**PROBLEM REQUIREMENTS**
Your answer must be an exact copy of the records below, with no pictures in it.

**SOURCE MATERIAL**
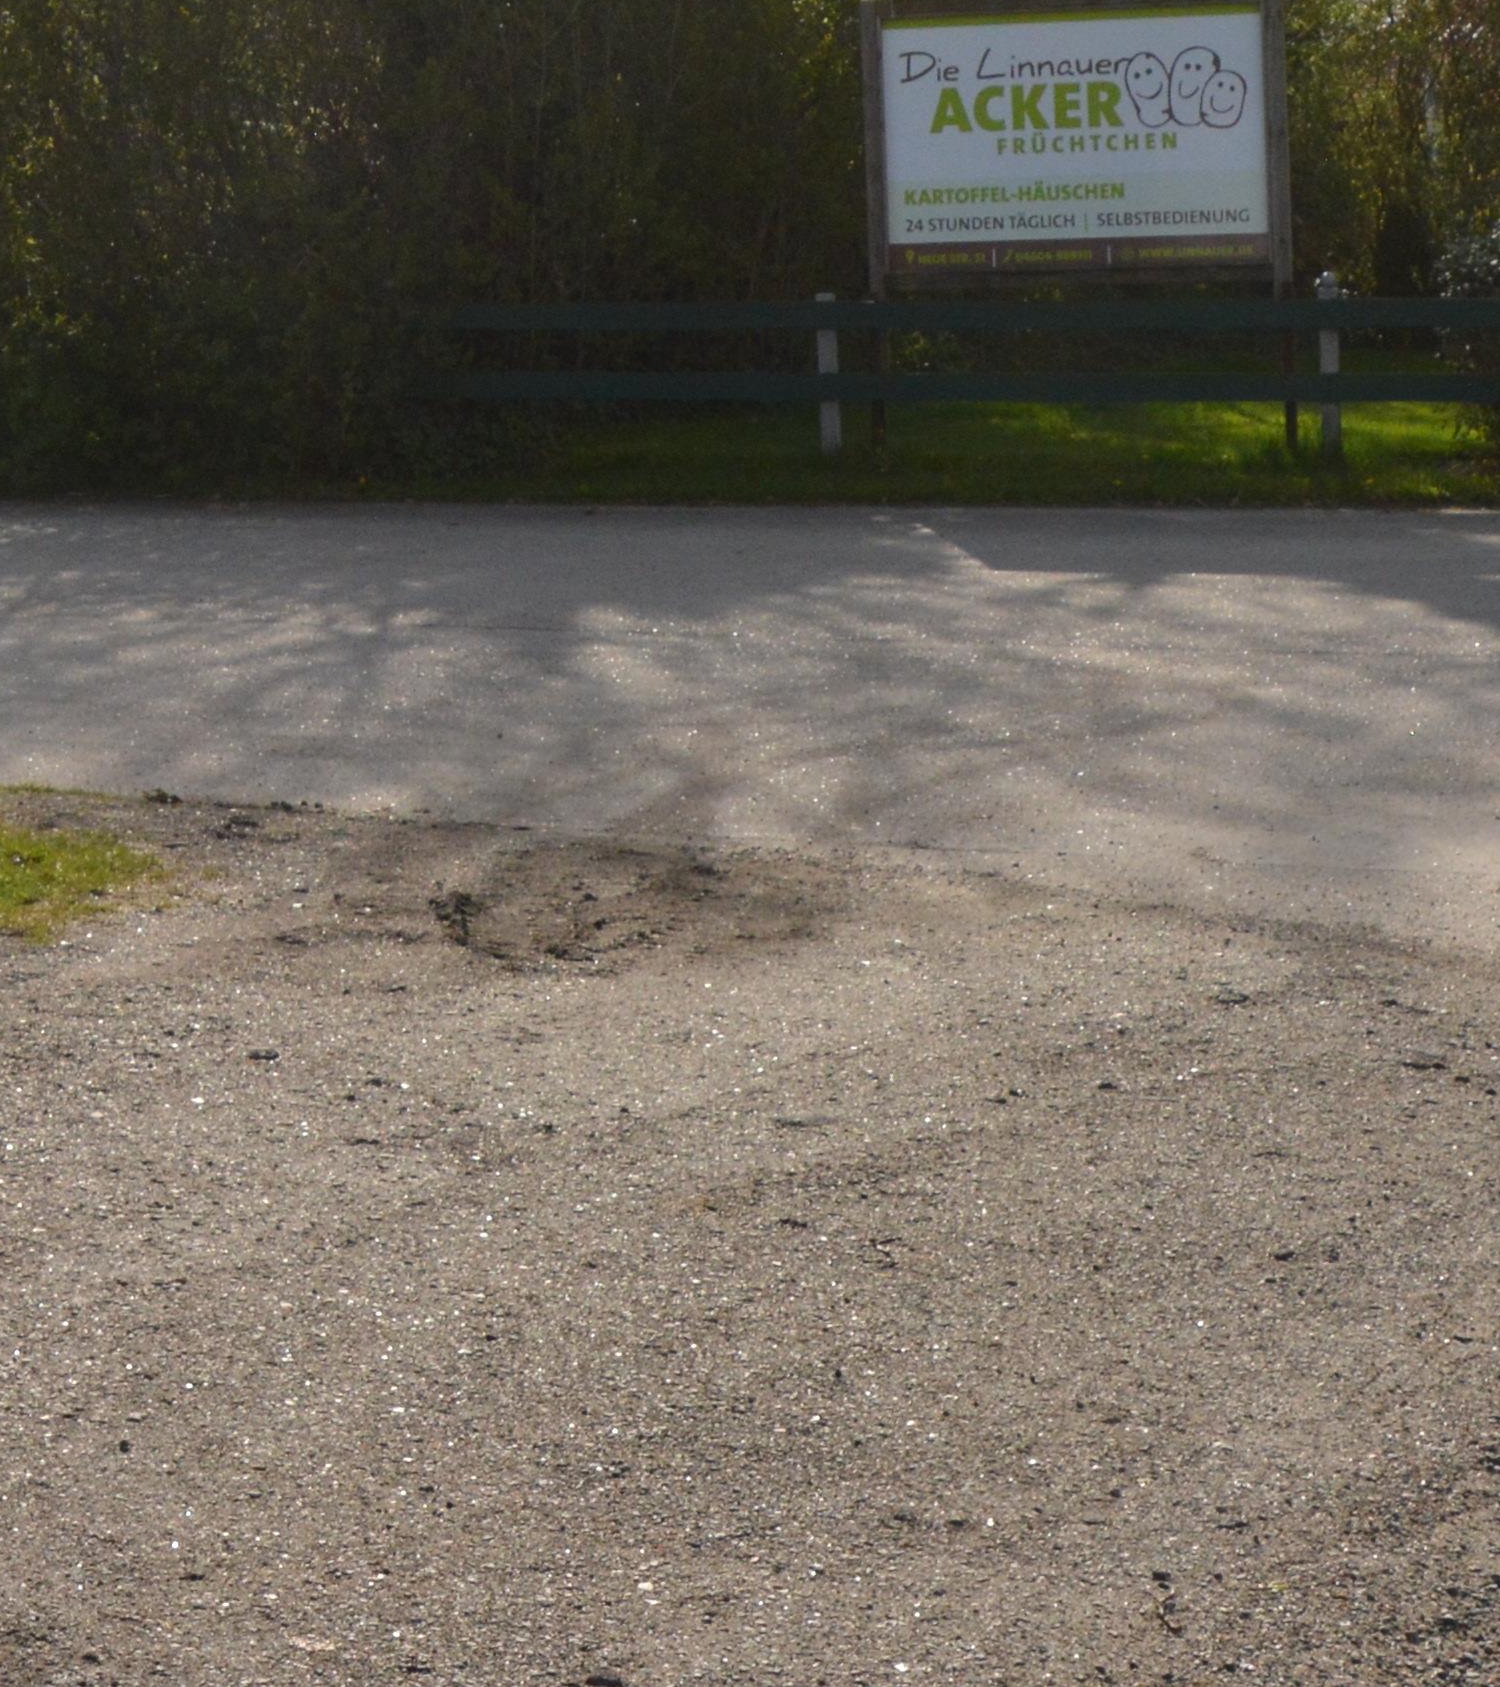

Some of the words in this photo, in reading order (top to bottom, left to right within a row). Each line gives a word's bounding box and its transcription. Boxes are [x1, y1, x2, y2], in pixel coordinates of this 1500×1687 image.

[899, 50, 960, 84] Die
[976, 47, 1130, 80] Linnauer
[930, 81, 1124, 134] ACKER
[996, 132, 1178, 155] FRÜCHTCHEN
[903, 180, 1126, 206] KARTOFFEL-HÄUSCHEN
[906, 218, 924, 233] 24
[928, 215, 1004, 232] STUNDEN
[1009, 211, 1075, 230] TÄGLICH
[1096, 208, 1250, 227] SELBSTBEDIENUNG
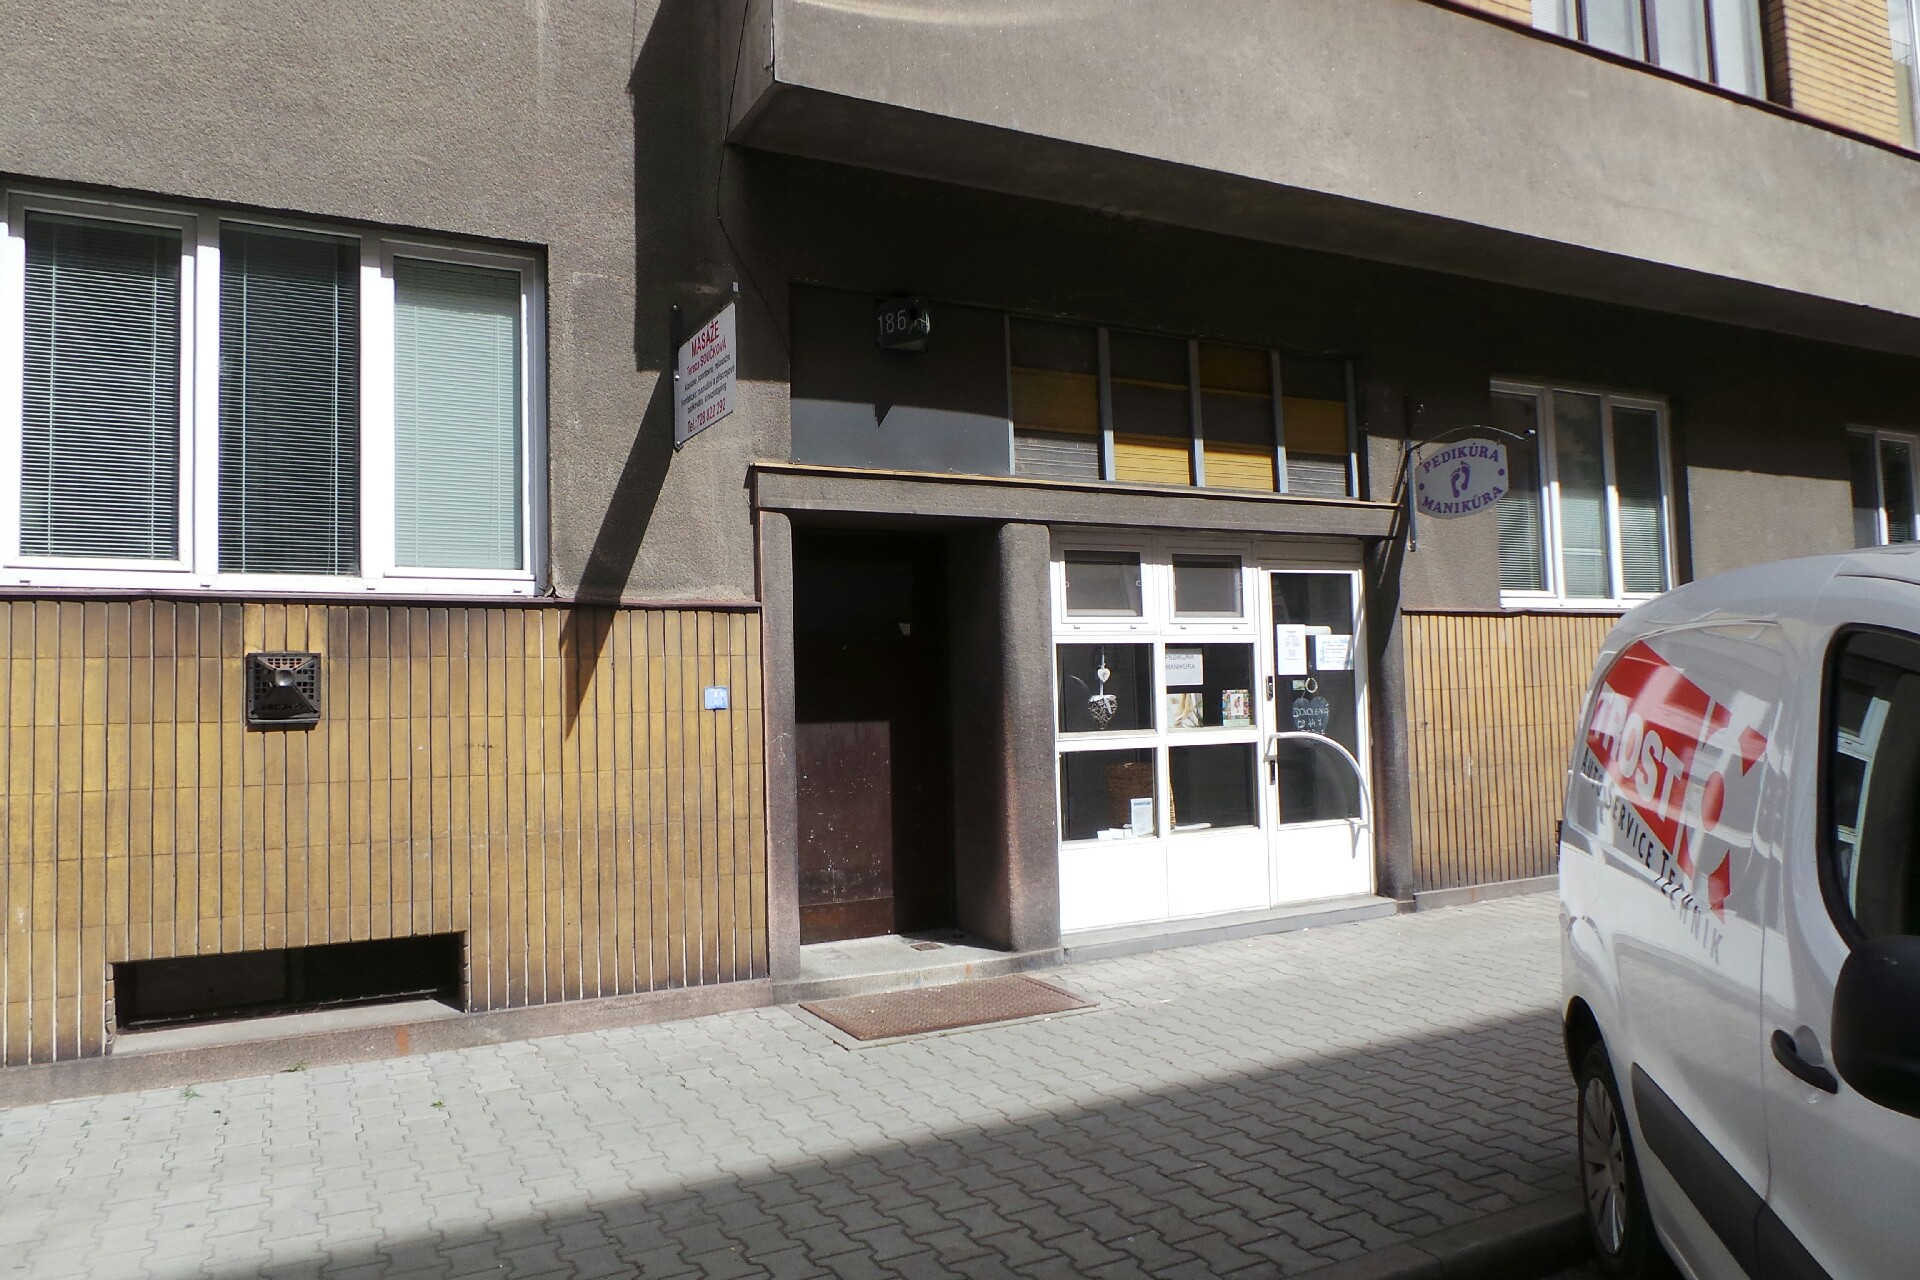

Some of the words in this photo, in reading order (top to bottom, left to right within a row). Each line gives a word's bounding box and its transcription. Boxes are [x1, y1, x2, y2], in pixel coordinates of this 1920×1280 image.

[691, 320, 719, 358] MASÁŽE
[1423, 443, 1498, 473] PEDIKÚRA
[1423, 486, 1503, 513] MANIKÚRA
[1591, 692, 1685, 822] TROST
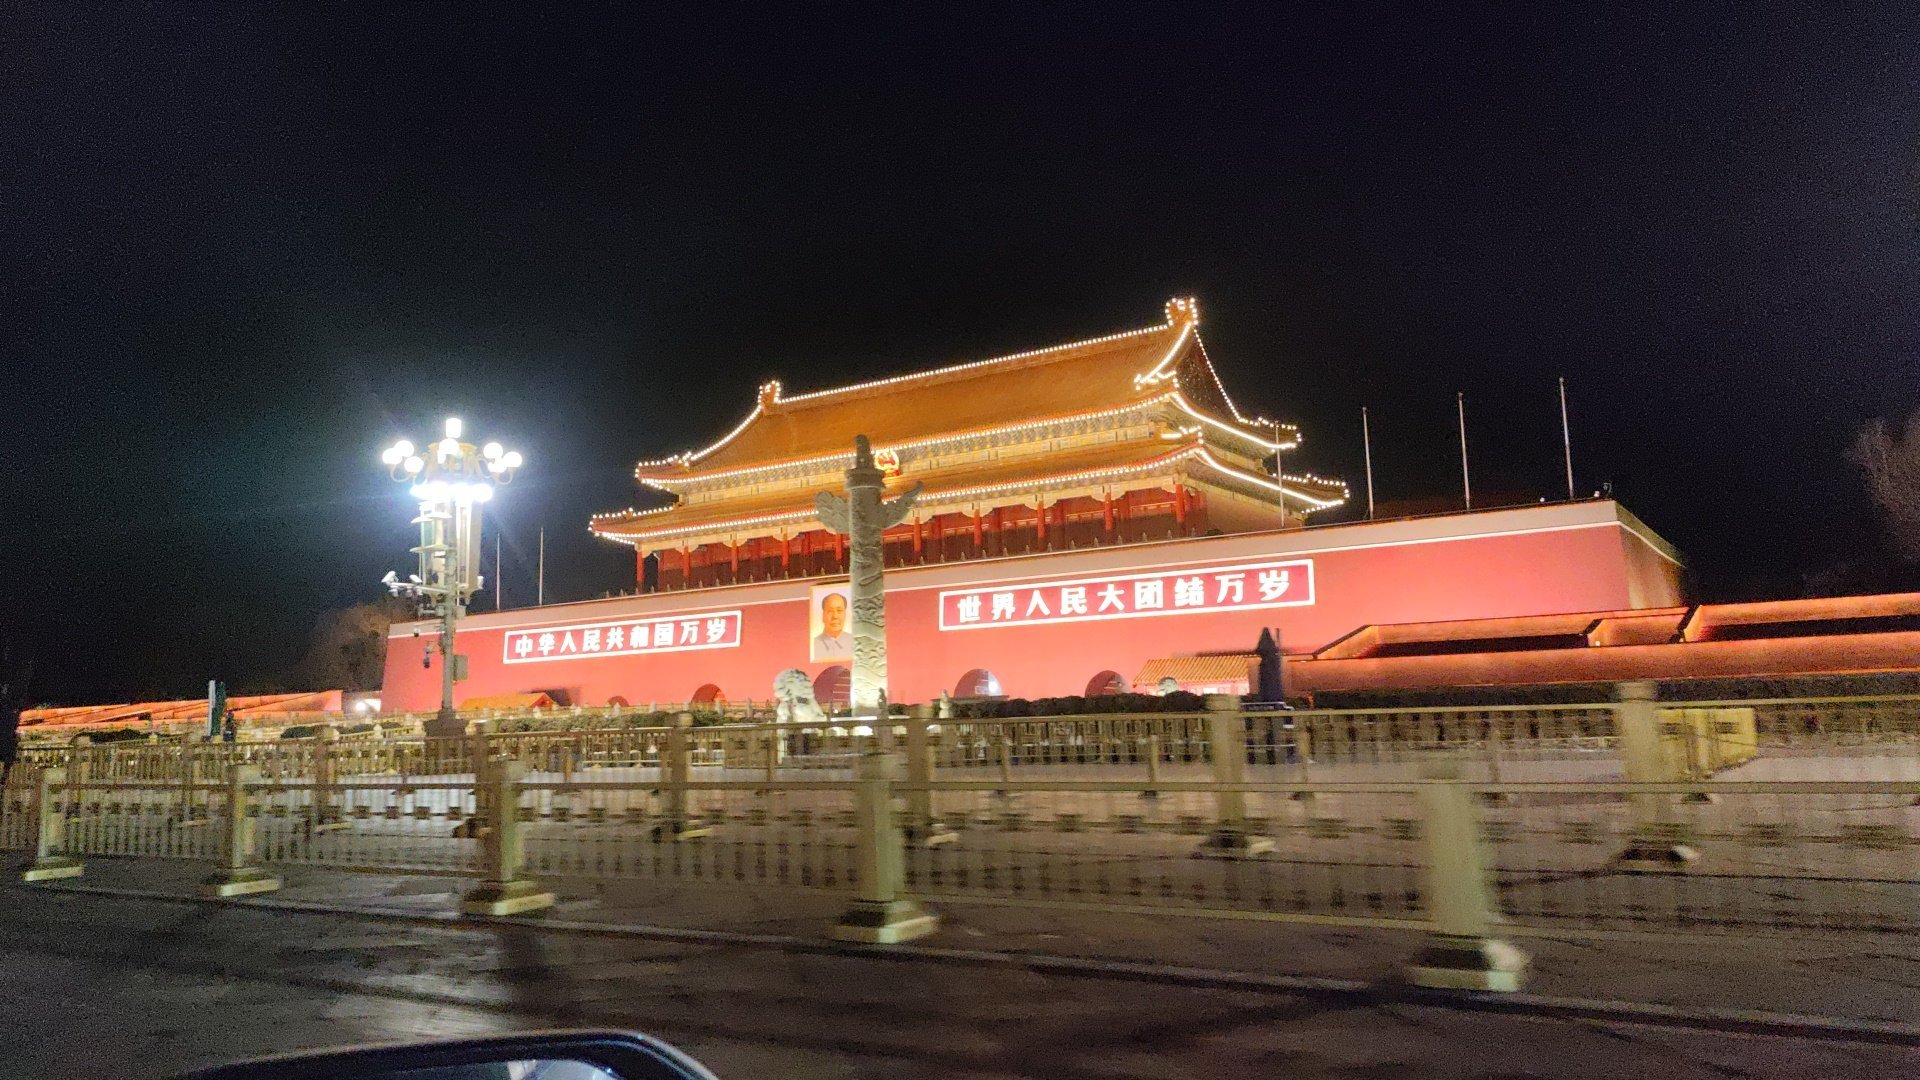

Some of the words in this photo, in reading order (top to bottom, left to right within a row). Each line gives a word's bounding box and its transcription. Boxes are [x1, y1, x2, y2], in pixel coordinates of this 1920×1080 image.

**TASK SOLUTION**
Some of the words in this photo, in reading order (top to bottom, left to right within a row). Each line gives a word's bounding box and its transcription. Boxes are [x1, y1, x2, y2], in pixel coordinates of this 1500×1687 image.

[899, 50, 960, 84] Die
[976, 47, 1130, 80] Linnauer
[930, 81, 1124, 134] ACKER
[996, 132, 1178, 155] FRÜCHTCHEN
[903, 180, 1126, 206] KARTOFFEL-HÄUSCHEN
[906, 218, 924, 233] 24
[928, 215, 1004, 232] STUNDEN
[1009, 211, 1075, 230] TÄGLICH
[1096, 208, 1250, 227] SELBSTBEDIENUNG

Some of the words in this photo, in reading order (top to bottom, left to right within a row). Each line gives a word's bounding box and its transcription. Boxes are [x1, y1, x2, y2], in pixel coordinates of this 1920×1280 image.

[691, 320, 719, 358] MASÁŽE
[1423, 443, 1498, 473] PEDIKÚRA
[1423, 486, 1503, 513] MANIKÚRA
[1591, 692, 1685, 822] TROST

Some of the words in this photo, in reading order (top to bottom, left to right within a row). Each line gives a word's bounding box and its transcription. Boxes are [x1, y1, x2, y2], in pixel coordinates of this 1920×1080 image.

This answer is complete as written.